In der städtischen Markthalle von Banjaluka, im Westen Bosnien-Herzegowinas, gibt es Saisongemüse aus heimischem Anbau und importiertes Obst. Verkäuferin Mica hat alles fein säuberlich sortiert: „Die Möhren kosten zwei Mark, Bohnen zwischen dreieinhalb und acht, Knoblauch und Zwiebeln fünf bis sechs, der Kohl 1 Mark 30 pro Kilogramm.“ Die konvertible Mark ist seit dem Ende des Bosnienkrieges vor mehr als einem Jahrzehnt die offizielle Währung des Landes. Ihr Wert entspricht der guten alten D-Mark, sprich einem halben Euro. Eigentlich sind die Preise von Mica moderat, doch trotzdem schauen bei ihr und den anderen Marktfrauen kaum Kunden vorbei: „Auf diesem Markt war früher immer sehr viel los. Heute geht schon mal eine ganze Stunde vorbei, ohne dass man etwas verkauft. Auch ich habe es nicht leicht. Die Lage ist extrem schwierig.“

Knapp 1.200 Mark beträgt das Brutto-Durchschnittsgehalt in Bosnien. Das gilt für diejenigen, die überhaupt Beschäftigung haben. Ein Viertel der arbeitsfähigen Bevölkerung in Bosnien-Herzegowina hat nämlich überhaupt keinen Job. Andere arbeiten schwarz und so kommt es, dass die offizielle Statistik eine Arbeitslosigkeit von 40 Prozent ausweist.
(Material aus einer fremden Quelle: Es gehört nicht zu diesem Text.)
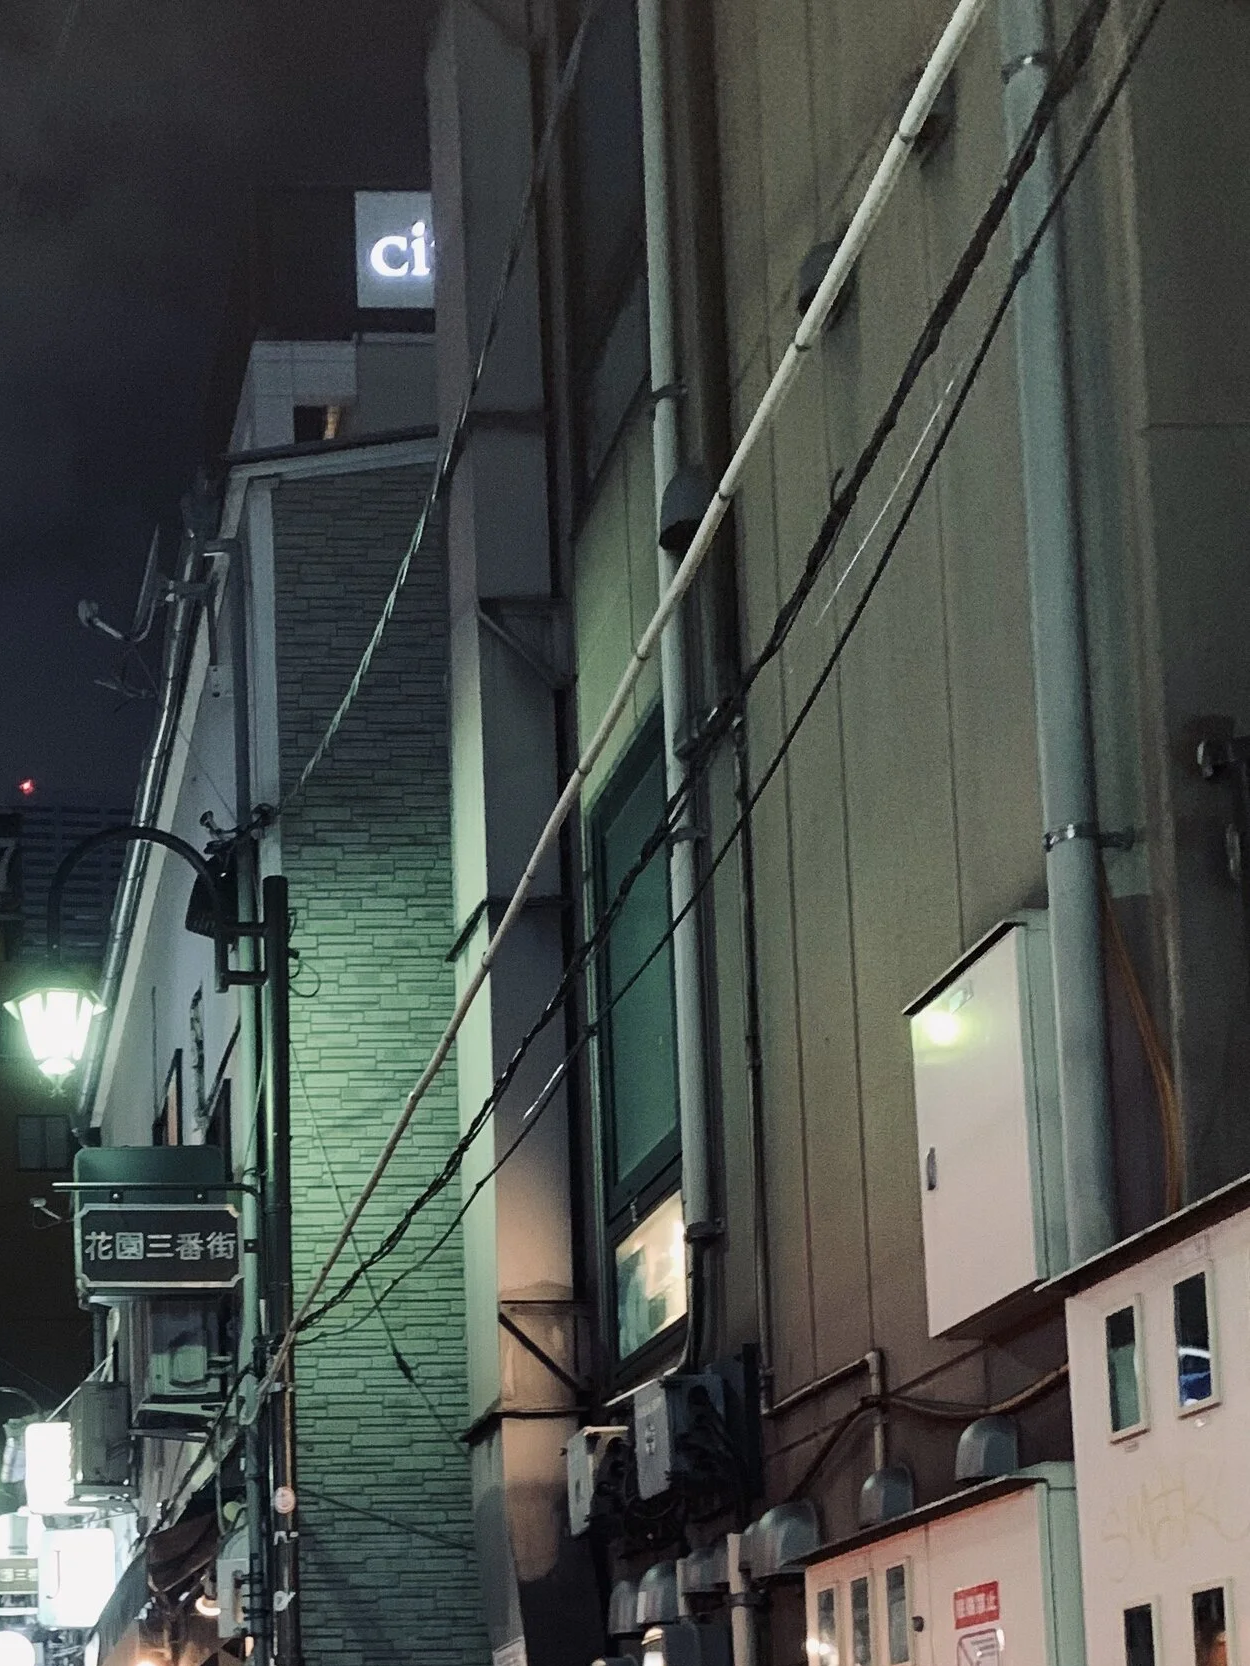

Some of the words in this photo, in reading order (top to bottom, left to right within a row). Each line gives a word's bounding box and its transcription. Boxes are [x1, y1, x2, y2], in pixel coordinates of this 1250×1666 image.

Finanzkrise hat Aufholjagd gestoppt

In Banjaluka sind die Gehälter und die Beschäftigtenquote vergleichsweise höher als anderswo im Land. Dabei begann die wirtschaftliche Transformation in der Serbenrepublik in Folge des Krieges erst spät. Anders in Sarajewo: Die Hauptstadt erlebte den nachhaltigsten Aufschwung. Die alte Handelsmetropole und ihre berühmten Altstadtgassen füllten sich schnell mit Leben trotz vieler Narben kriegsbedingter Zerstörung. Von 2000 bis 2007 legte die Wirtschaft in Bosnien-Herzegowina um bis zu sieben Prozent pro Jahr zu, gemessen an der allerdings kriegsbedingt niedrigen Wirtschaftsleistung zu Anfang der 90er Jahre. Damit liegt die bosnisch-herzegowinische Wirtschaft in Sachen Wachstum immer noch hinter den erfolgreichen Transformationsstaaten. Sie haben im gleichen Zeitraum um bis zu neun Prozent zugelegt. Dann kam die Weltfinanzkrise.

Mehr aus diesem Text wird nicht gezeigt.